Equipping pupils for an uncertain post-Covid careers market

Equipping pupils for an uncertain post-Covid careers market

While coronavirus restrictions have forced the cancellation of the School’s normal Year 11 Careers Convention, QE has ensured boys do not miss out in this challenging time by giving them opportunities to join a series of internal and external special events.

The centrepiece of the careers programme was a day-long virtual convention for Year 11 in their form groups, with six video sessions featuring speakers on topics ranging from entrepreneurship to cyber-technology.

Assistant Head (Pupil Progress) Sarah Westcott said: “We tried to replicate the experience students usually get at the Careers Convention, where they meet representatives of different professions one to one, albeit this year it had to be done virtually. The aim was for them to hear not only about the sectors these professionals work in, but also about the challenges faced by young people entering the work place and the need to be flexible in terms of outlook and skills.

“It is important that QE students take the opportunity to develop their personal attributes as well as their academic ones in order to be as attractive to employers as possible. The Covid crisis has highlighted the fragile nature of some employment sectors, and it is important we equip our students with all the skills they will need in the future,” added Dr Westcott.

Organisations represented during the day included Google, KPMG, Cass Business School and Rakuten, the electronic commerce and online retailing company. The speaker for the final session, on engineering, was Old Elizabethan Karan Dewnani (2006–2013), who has enjoyed a successful career as a civil engineer after graduating with a Master’s degree in Civil and Structural Engineering from Sheffield in 2017. Karan, who is pictured, top, on the big screen, recently took up a post with global professional services consultancy, WSP.

Reflecting on all the sessions afterwards, Dr Westcott said: “The overwhelming take-home message from all of our speakers has been: ‘Do what you love, and a fulfilling career will follow!’”

The virtual convention was preceded by another careers event for Year 11 – a virtual assembly given by ASK (the Apprenticeship Support and Knowledge for Schools and Colleges programme), a Government-supported body whose focus is promoting alternative routes to degrees through work.

These programmes mean a student gets a degree paid for by an employer, on-the-job experience and a boost to their career from the moment they finish their A-levels.
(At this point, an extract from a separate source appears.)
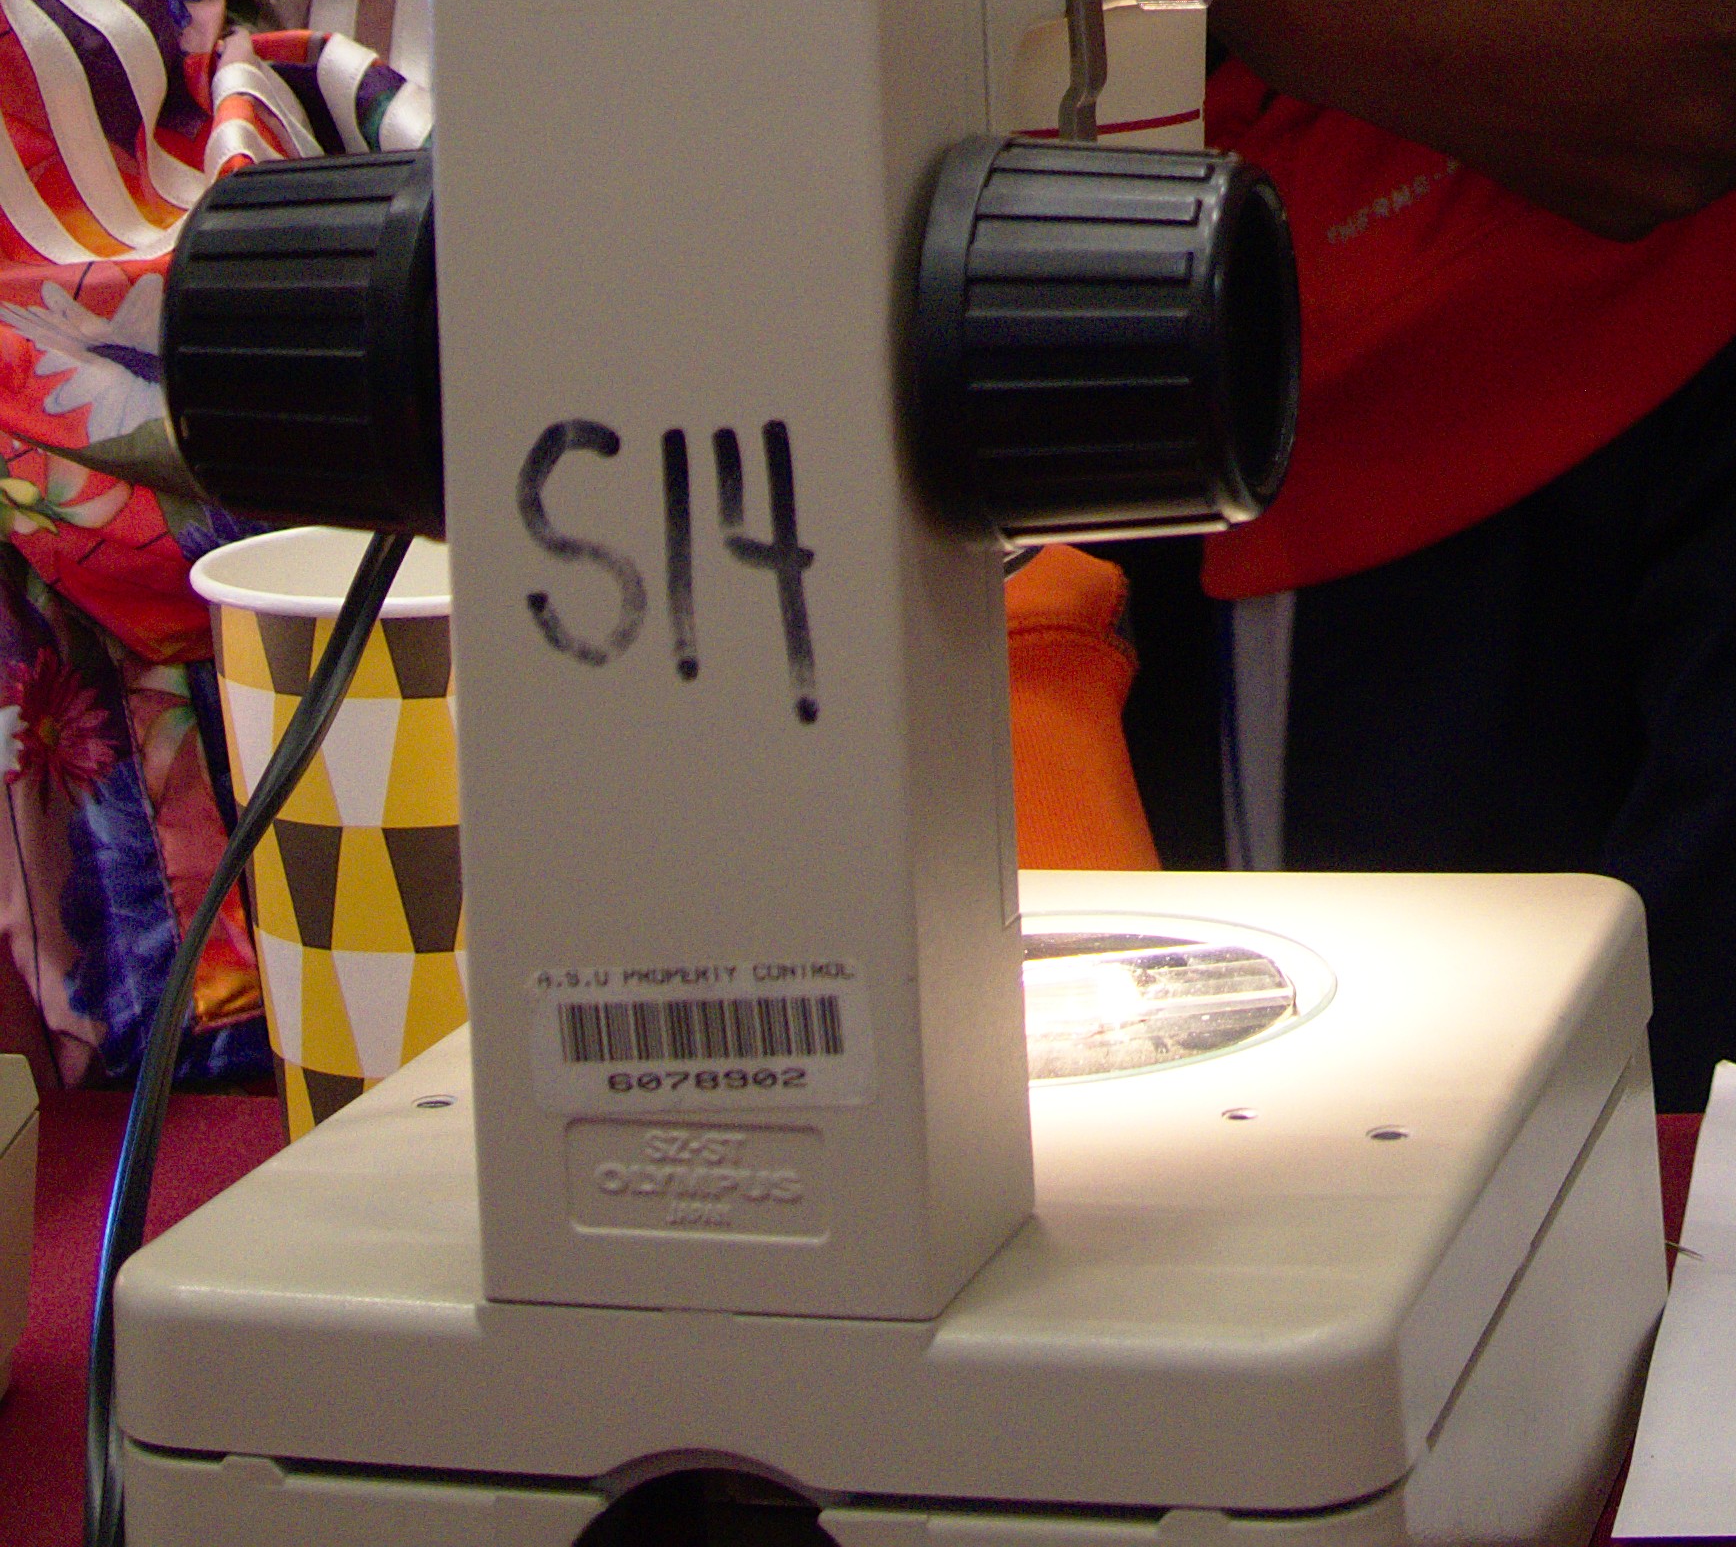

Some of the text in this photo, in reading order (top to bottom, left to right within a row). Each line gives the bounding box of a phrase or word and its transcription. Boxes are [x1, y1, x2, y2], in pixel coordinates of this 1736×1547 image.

“The aim of the virtual assembly was to demystify what an ‘apprenticeship’ is and explain to the boys how they can access on-the-job degree programmes with a diverse range of companies and organisations, such as PWC, EY, the NHS, Ministry of Defence, BBC, BAE, Army, Cisco and KPMG,” said Dr Westcott.

There was also a special careers initiative offered to a limited number of sixth-formers, which began with a Careers Accelerator virtual assembly fed into all the Year 12 classrooms using Zoom. Career Accelerator was established in 2017 by social entrepreneur Mayur Gupta, who says: “My goal is to help shape a world where hard-working young people from diverse backgrounds are empowered to realise their full potential and become the future leaders of society.”
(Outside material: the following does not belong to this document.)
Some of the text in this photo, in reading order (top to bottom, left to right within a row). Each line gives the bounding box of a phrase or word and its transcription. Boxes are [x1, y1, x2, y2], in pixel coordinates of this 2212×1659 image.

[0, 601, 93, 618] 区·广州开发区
Dr Westcott said: “This is a mentoring initiative for Year 12 students with companies from across the digital sector – a brilliant opportunity to expose them to professions they may not have considered within the digital sector and get work experience in companies such as Google, Vodafone, Just Eat, Cisco and LinkedIn, alongside exciting tech start-ups. They will also benefit from advice on CVs, interviews and networking. The programme aims to level the playing field, opening up such careers to young people from all walks of life.”

Following the assembly, boys completed competitive applications to secure one of around 20 places available to QE on the programme in the Spring Term.

Those who successfully secure places will take part in at least three one-hour virtual mentoring sessions to help them prepare for their future careers.